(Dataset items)
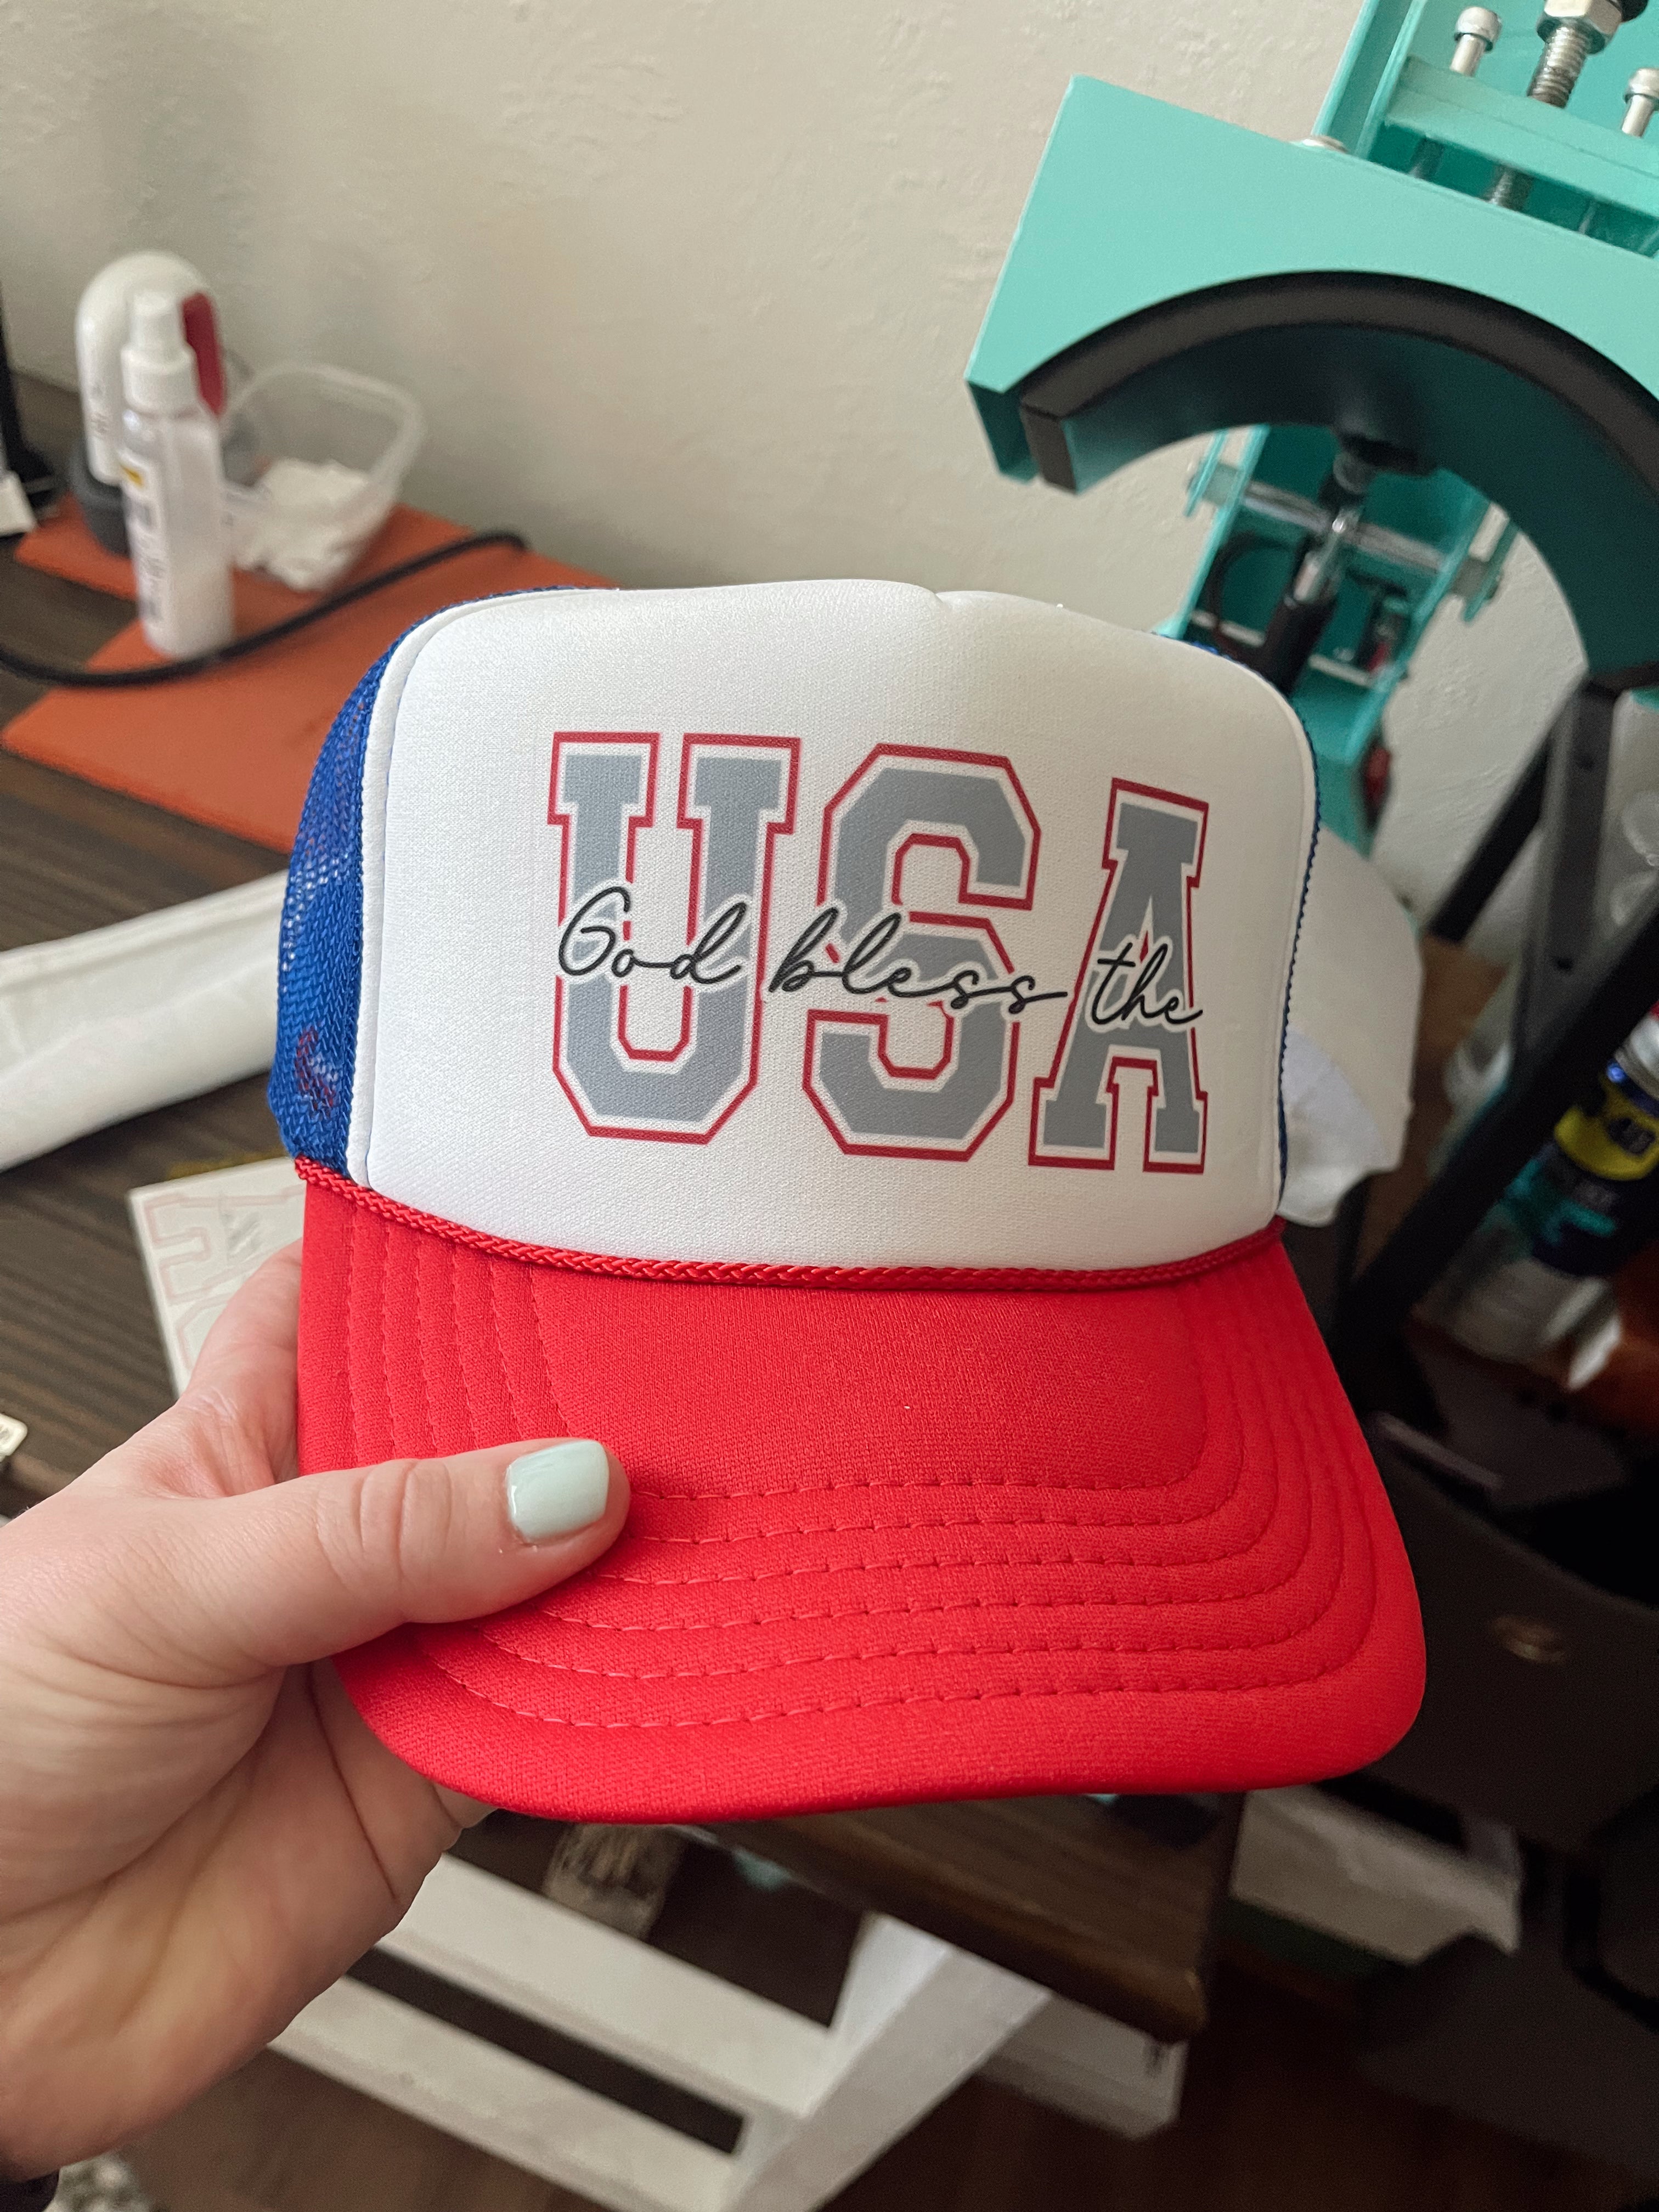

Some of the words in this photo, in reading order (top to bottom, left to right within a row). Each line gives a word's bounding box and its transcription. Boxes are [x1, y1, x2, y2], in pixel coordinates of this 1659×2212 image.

[547, 731, 1209, 1174] USA
[557, 886, 747, 985] God
[768, 906, 1069, 1014] bless
[1089, 942, 1204, 1026] the
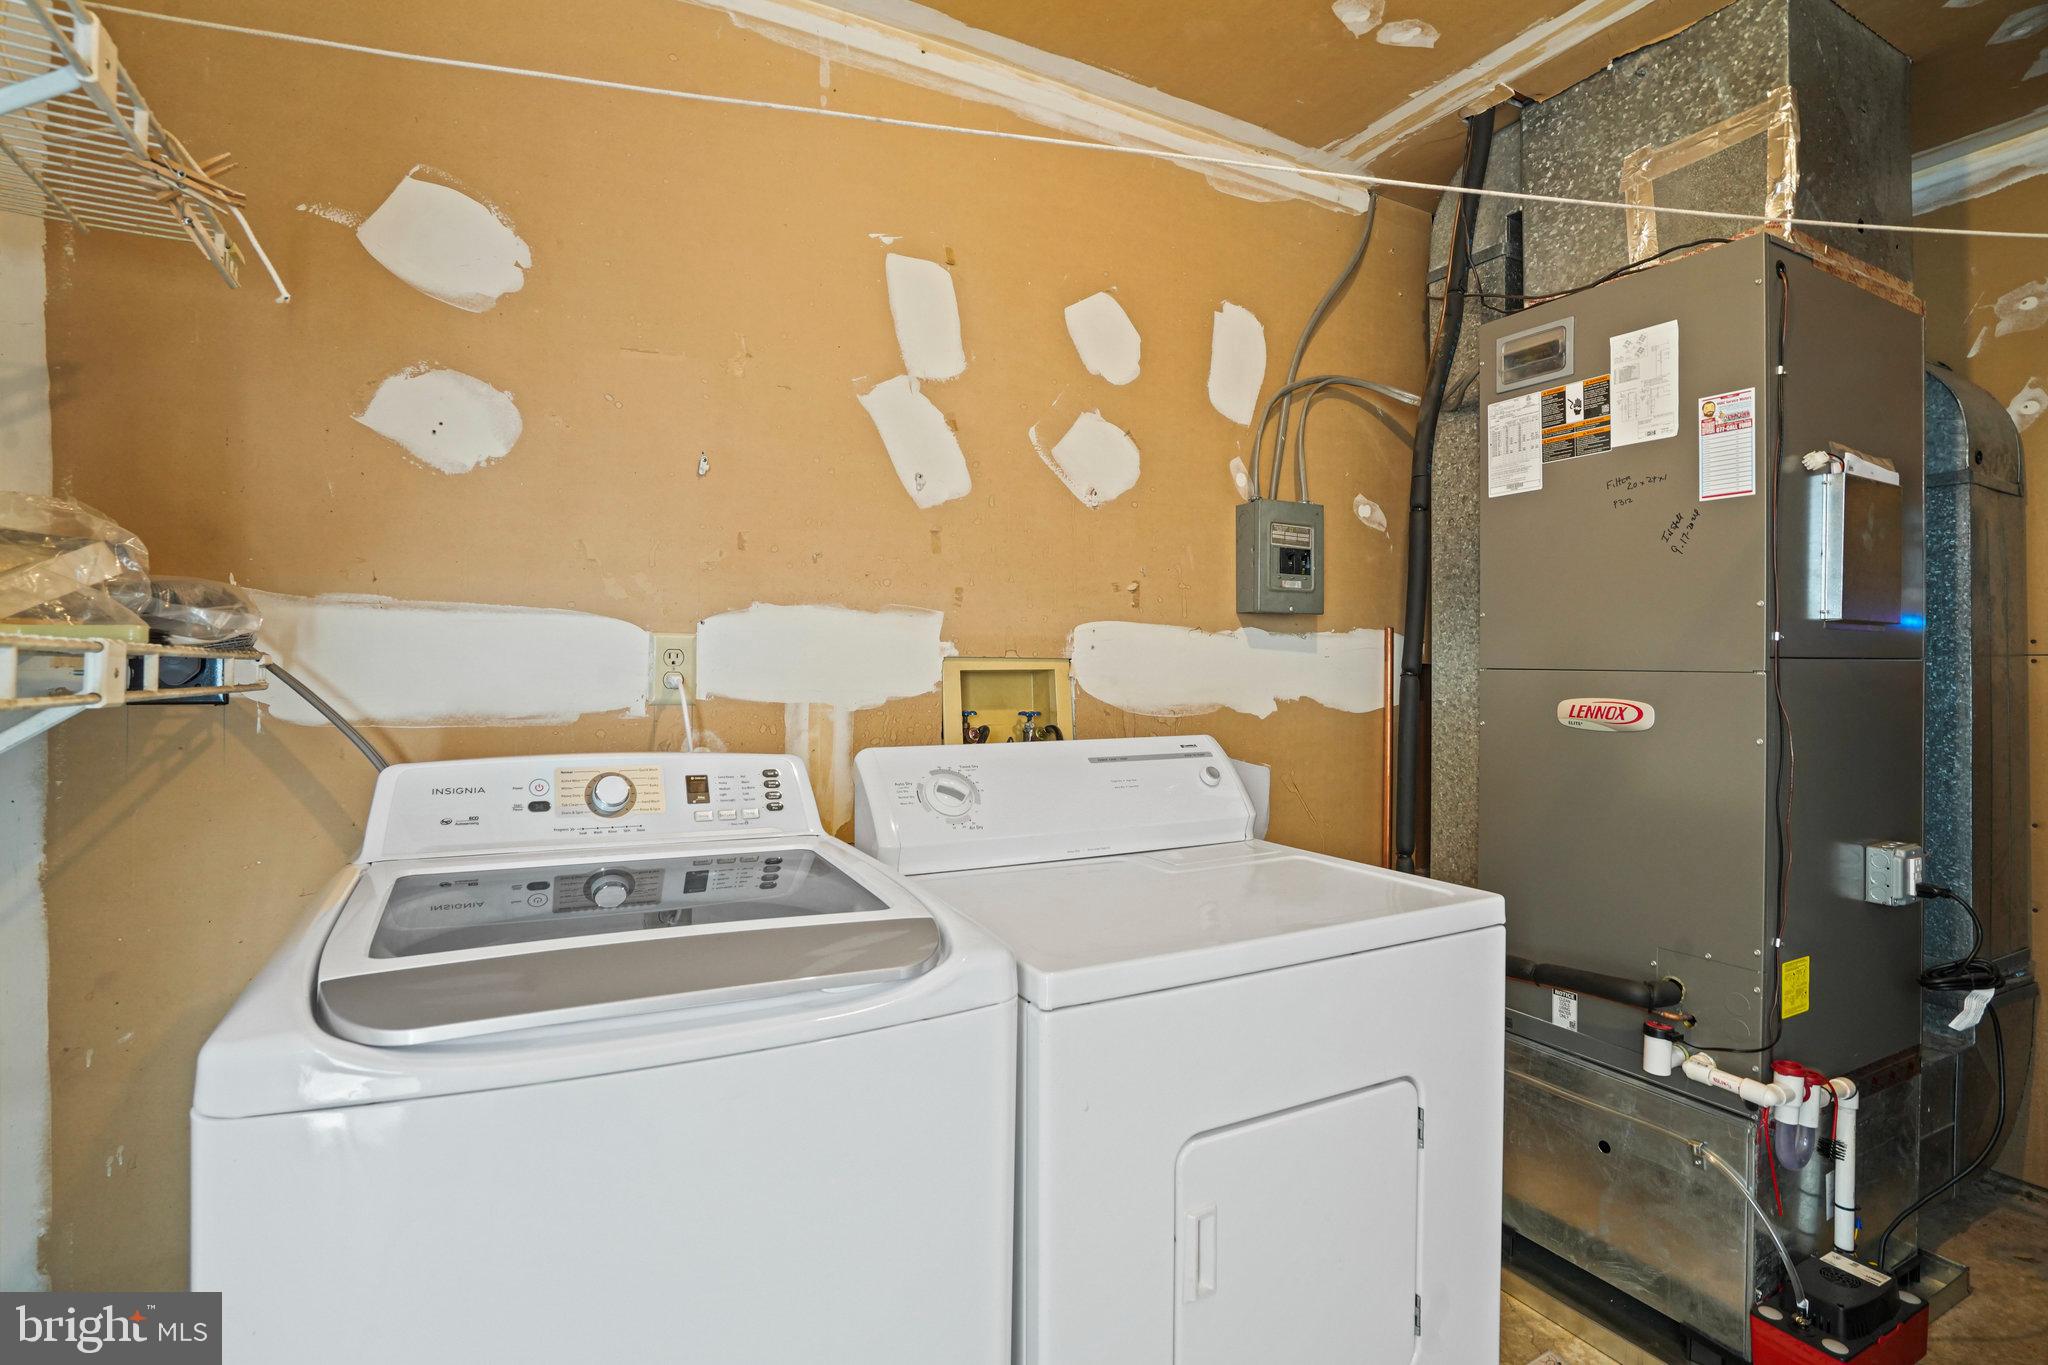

- _WHAT YOU NEED TO DO_
Could you repeat every entry above exactly, with each picture omitted?

- _ANSWER_
Some of the words in this photo, in reading order (top to bottom, left to right within a row). Each line gives a word's bounding box and its transcription. Boxes are [x1, y1, x2, y2], in pixel coordinates of this 1659×2212 image.

[547, 731, 1209, 1174] USA
[557, 886, 747, 985] God
[768, 906, 1069, 1014] bless
[1089, 942, 1204, 1026] the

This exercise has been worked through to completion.